Leyendas y cuentos cortos venezolanos (1) Varios autores


Imagen del archivo de Adriana Infante



LEYENDA DE LA DIABLESA Y 
EL FANTASMA DEL MORO
(Celestino Peraza)
Se llamaba Magdalena, como la enamorada del Gólgota, y como ésta pasó del pecado al arrepentimiento. Pero no hasta el punto de la rubia galilea, porque la nuestra contrajo al fin matrimonio con Pedro Juan García, individuo que, muy al contrario de Jesucristo, había estropeado en los bailes muchas mejillas antes que le tocasen las suyas. Después de su matrimonio, se fueron a vivir al vecindario de Tupuquén.
Tupuquén era uno de los veintiocho pueblos fundados por los padres catalanes, hoy casi todos en escombros. Y éste apenas seria conocido si no hubiese sucedido que, frente a él, en el ríoYuruari que lo roza por la derecha, fue dónde se descubrió por primera vez el oro de nuestra hermosa Guayana.
Hay también otra razón por la cual Tupuquén goza de cierta celebridad en la región aurífera. Además de ser el abanderado de los descubrimientos mineros, brota en sus sabanas un pasto magnífico, especie de heno hecho venir de Egipto por “El Moro”, inglés escéptico, descendiente directo de Lord Hamilton, quien se instaló, se casó y murió en Tupuquén, sin querer volver a Londres, donde su familia colmada de riquezas le llamaba con insistencia.

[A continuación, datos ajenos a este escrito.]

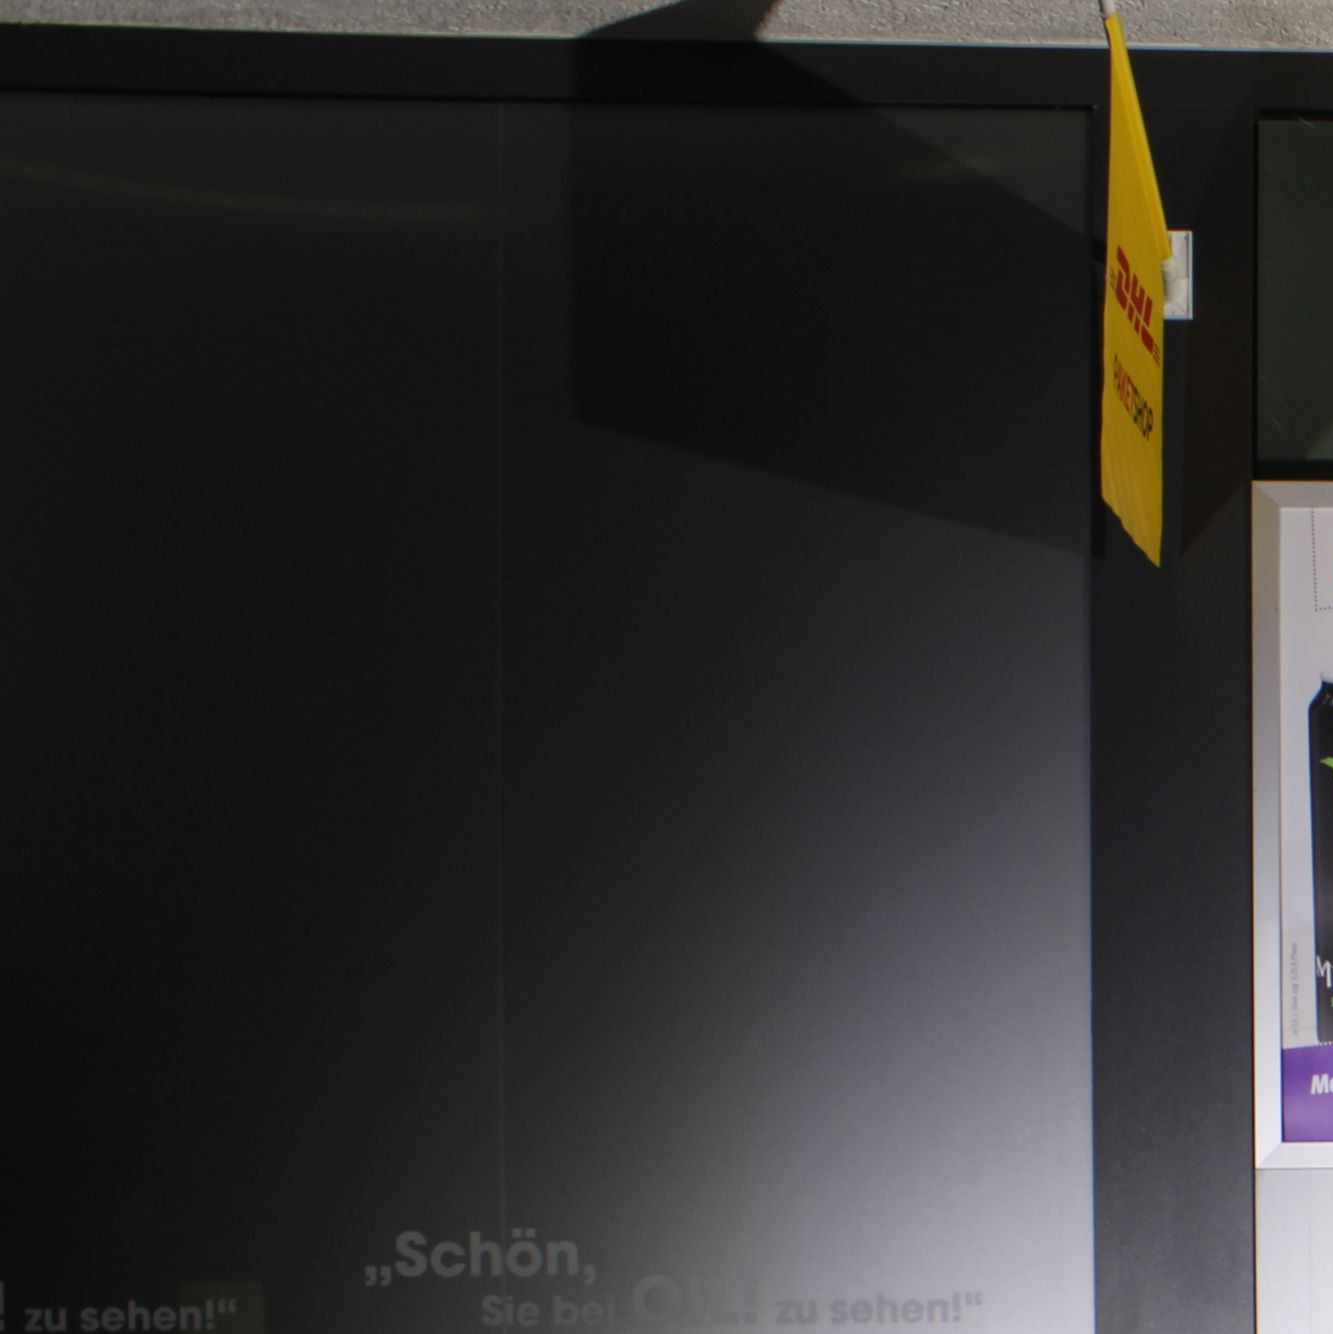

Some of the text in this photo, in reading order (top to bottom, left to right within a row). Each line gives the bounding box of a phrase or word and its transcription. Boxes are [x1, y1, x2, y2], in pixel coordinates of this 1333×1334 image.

[1117, 245, 1154, 354] DHL
[24, 1306, 67, 1332] zu
[481, 1292, 539, 1327] Sie
[553, 1295, 615, 1327] bei
[776, 1299, 817, 1326] zu
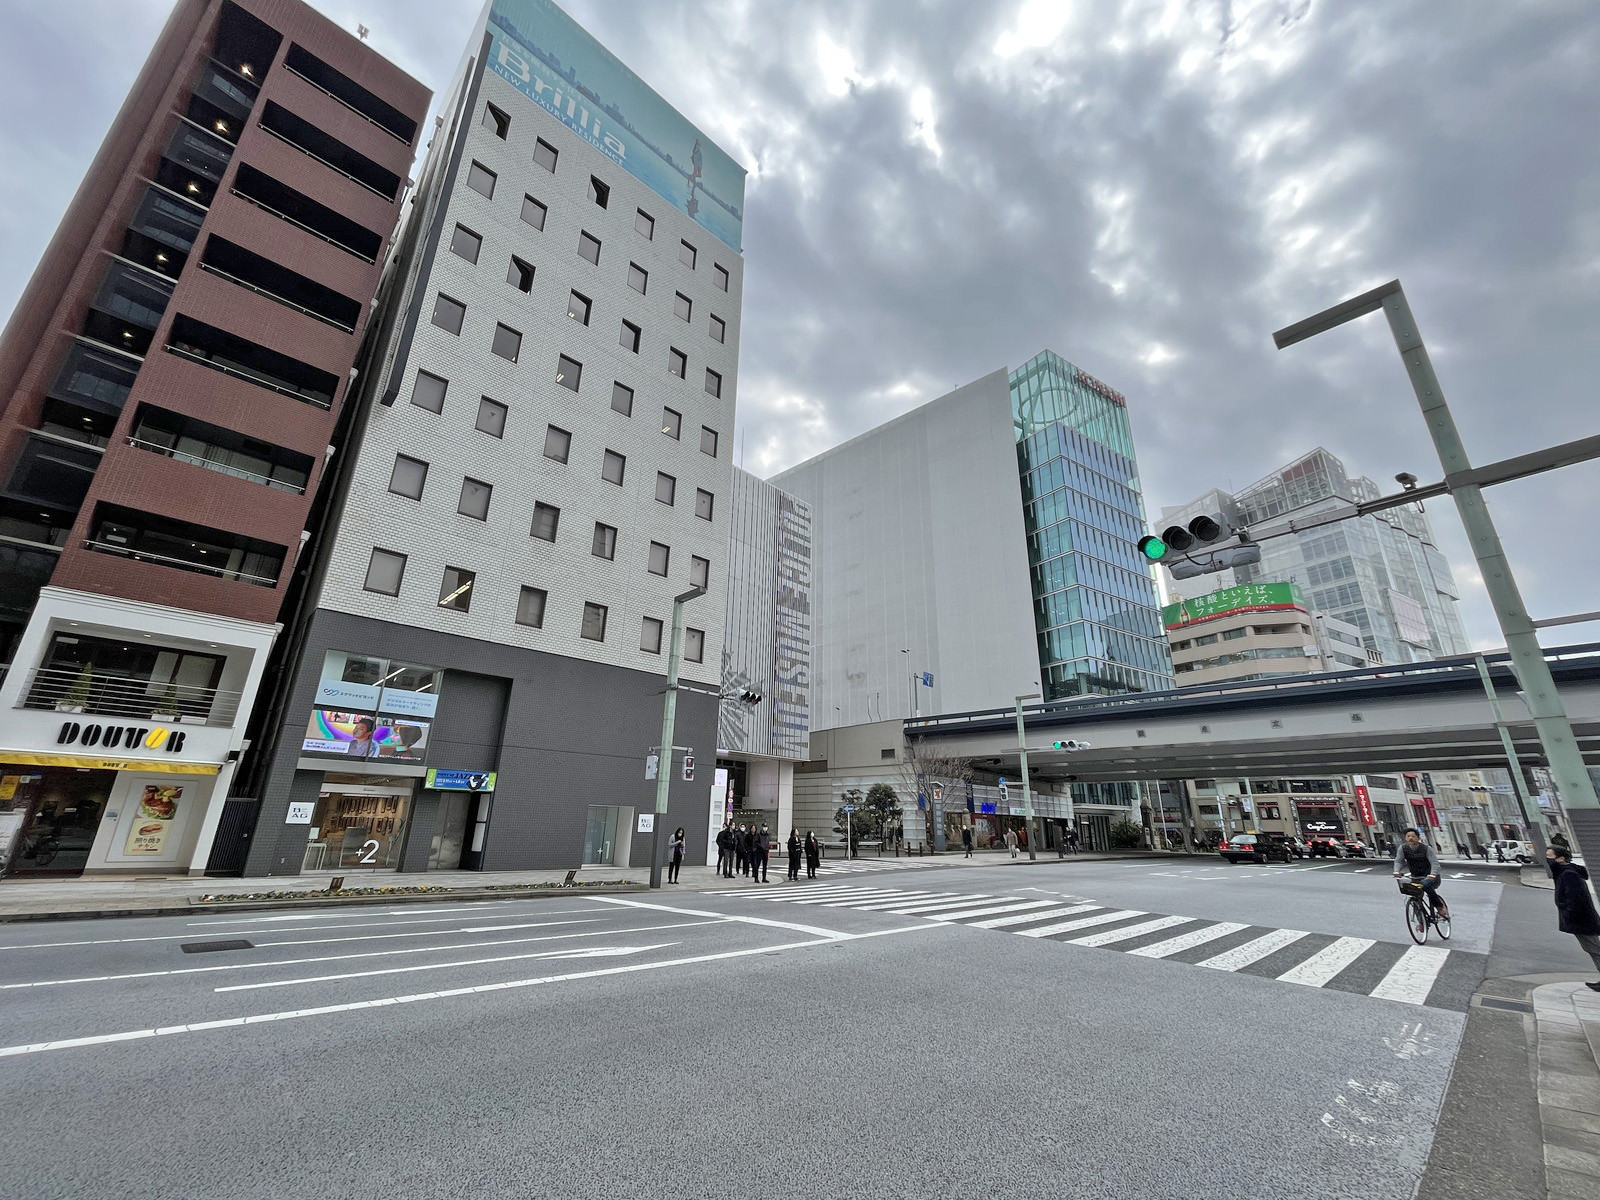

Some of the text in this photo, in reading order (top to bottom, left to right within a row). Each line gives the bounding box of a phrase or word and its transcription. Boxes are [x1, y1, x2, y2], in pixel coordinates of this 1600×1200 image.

[494, 64, 625, 166] NEW LUXURY RESIDENCE
[497, 40, 627, 160] Brillia
[773, 493, 811, 757] POLICE MUSEUM
[1194, 584, 1273, 608] 核酸といえば、
[57, 721, 187, 753] DOUTOR
[355, 839, 380, 864] +2

  Con todo y no obstante estar cerca de las explotaciones mineras, Tupuquén ha seguido arruinándose y para la época a que nos referimos, apenas quedaban cuatro o cinco casas de construcción antigua.   En una de estas, precisamente en la que habitó “El Moro”, de dos piezas solamente, con corredores circulares de altos pretiles, vivía la Diablesa con su marido y dos retoños de su reciente matrimonio.  Allá, en su juventud, Pedro Juan había sido de los afortunados en la mina. Había sacado oro en abundancia, pero el maldito juego de azar le había llevado todos los hermosos granos extraídos de la greda. De los restos de su pasada fortuna, sólo había salvado la suma en que compró las doce vacas que sustentaban ahora a su mujer y sus hijos. La Diablesa, que oía referir con frecuencia a su marido los dones con que la suerte le sonreía en otro tiempo, vivía siempre pensando en que aquello se repetiría algún día.

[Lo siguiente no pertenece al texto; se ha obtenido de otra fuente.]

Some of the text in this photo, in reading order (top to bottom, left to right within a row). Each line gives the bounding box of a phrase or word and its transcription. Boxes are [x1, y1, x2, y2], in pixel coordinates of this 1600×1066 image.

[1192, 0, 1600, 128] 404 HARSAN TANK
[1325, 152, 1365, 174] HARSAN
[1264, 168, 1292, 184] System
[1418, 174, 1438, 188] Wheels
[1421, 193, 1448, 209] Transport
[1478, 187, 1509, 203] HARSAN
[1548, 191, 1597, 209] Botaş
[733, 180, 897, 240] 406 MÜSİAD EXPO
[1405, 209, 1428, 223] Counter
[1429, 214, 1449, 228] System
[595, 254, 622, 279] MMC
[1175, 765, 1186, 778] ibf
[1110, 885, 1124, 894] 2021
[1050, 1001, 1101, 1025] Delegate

Una noche, la Diablesa se acostó pensando siempre en su idea favorita; y apenas se quedó dormida, cuando comenzó a soñar la cosa más penosa y a la vez la más agradable del mundo. Soñó que en el marco de la puerta que daba al corredor, veía a un hombre alto, flaco, de patillas rubias, ojos azules y vestido con un uniforme semejante al de coronel del ejércitoinglés, como ella lo había visto despierta en los cuadros pegados en la pared de la salita.
 Aquella visión produjo en la Diablesa una pesadilla; quiso gritar, pero como sucede en tales casos, el grito no salía de la garganta, ahogado por el sueño. En este estado angustioso vio que el fantasma se llevó el índice a los labios en señal de imperioso silencio, y parándose en lo alto del marco, bajó la mano y señaló a sus pies, siempre mirando fijamente a la Diablesa. Cuando ella bajó la vista, su pesadilla se transformó en alegría. Seis frascos, seis hermosos frascos bocones, de esos en los que los pulperos guardan sus conservas, estaban allí, en fila, abarcando todo el ancho de la puerta, repletos de oro en granos e iluminando el lugar con brillo deslumbrador. 

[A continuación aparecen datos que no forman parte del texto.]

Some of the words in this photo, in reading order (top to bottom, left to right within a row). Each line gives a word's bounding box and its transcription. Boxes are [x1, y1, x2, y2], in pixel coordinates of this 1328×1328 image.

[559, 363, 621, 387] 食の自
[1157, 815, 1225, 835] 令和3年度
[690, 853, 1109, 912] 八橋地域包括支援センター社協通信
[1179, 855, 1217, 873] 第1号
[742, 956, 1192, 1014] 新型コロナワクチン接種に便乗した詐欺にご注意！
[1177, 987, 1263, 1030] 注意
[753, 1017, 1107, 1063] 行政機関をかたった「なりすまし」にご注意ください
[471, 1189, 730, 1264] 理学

  Largo tiempo estuvo la Diablesa contemplándolos con su natural codicia, y cuando levantó la vista aparente del sueño, el fantasma había desaparecido. La soñolienta despertó emocionada y ya no le fue posible conciliar de nuevo el sueño; pero no dijo ni una palabra a Pedro Juan que roncaba en su chinchorro.   Esperó con impaciencia el amanecer, y al llegar el día, después que su marido ordeñó las vacas, despachó la leche para El Callao y salió a pastar sus animales a la sabana en su yegüita castaña.   Entonces la Diablesa echó mano de una barra de hierro y se dirigió a la puerta. Sería imposible describir su emoción cuando tuvo el marco de la puerta al alcance de la barra. ¿Y si aquello no era cierto? ¿No sería una burla de su imaginación, pensando siempre en el oro?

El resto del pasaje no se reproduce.